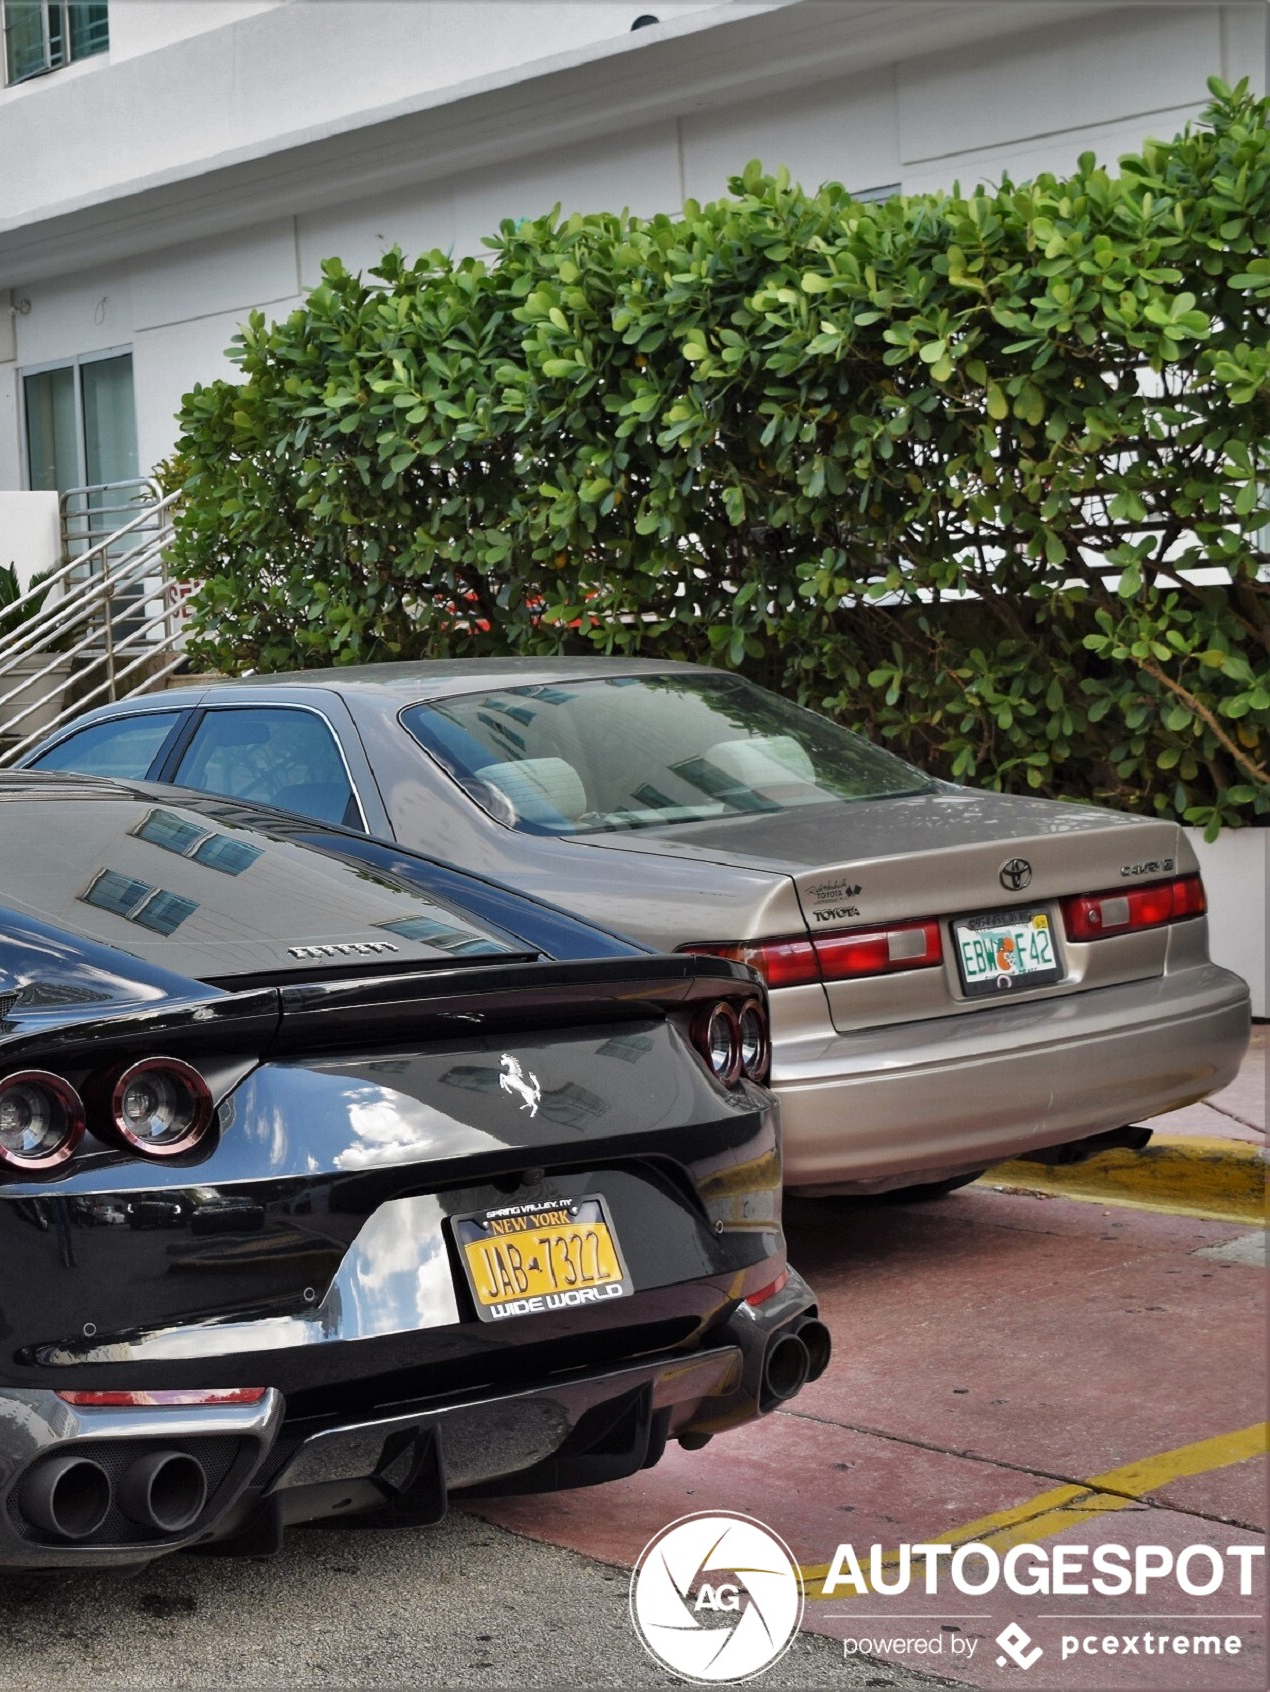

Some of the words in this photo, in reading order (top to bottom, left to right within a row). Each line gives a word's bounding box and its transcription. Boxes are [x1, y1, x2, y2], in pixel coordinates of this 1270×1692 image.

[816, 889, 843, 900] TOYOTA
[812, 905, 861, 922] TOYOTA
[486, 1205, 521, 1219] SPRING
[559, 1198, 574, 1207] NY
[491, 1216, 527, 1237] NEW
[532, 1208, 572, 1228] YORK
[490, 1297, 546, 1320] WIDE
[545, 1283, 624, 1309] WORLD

--------------------------------------------------

• [What the task asks]: Retype all entries above verbatim; no pictures belong in the copy.

• [Written solution]:
Some of the words in this photo, in reading order (top to bottom, left to right within a row). Each line gives a word's bounding box and its transcription. Boxes are [x1, y1, x2, y2], in pixel coordinates of this 1270×1692 image.

[816, 889, 843, 900] TOYOTA
[812, 905, 861, 922] TOYOTA
[486, 1205, 521, 1219] SPRING
[559, 1198, 574, 1207] NY
[491, 1216, 527, 1237] NEW
[532, 1208, 572, 1228] YORK
[490, 1297, 546, 1320] WIDE
[545, 1283, 624, 1309] WORLD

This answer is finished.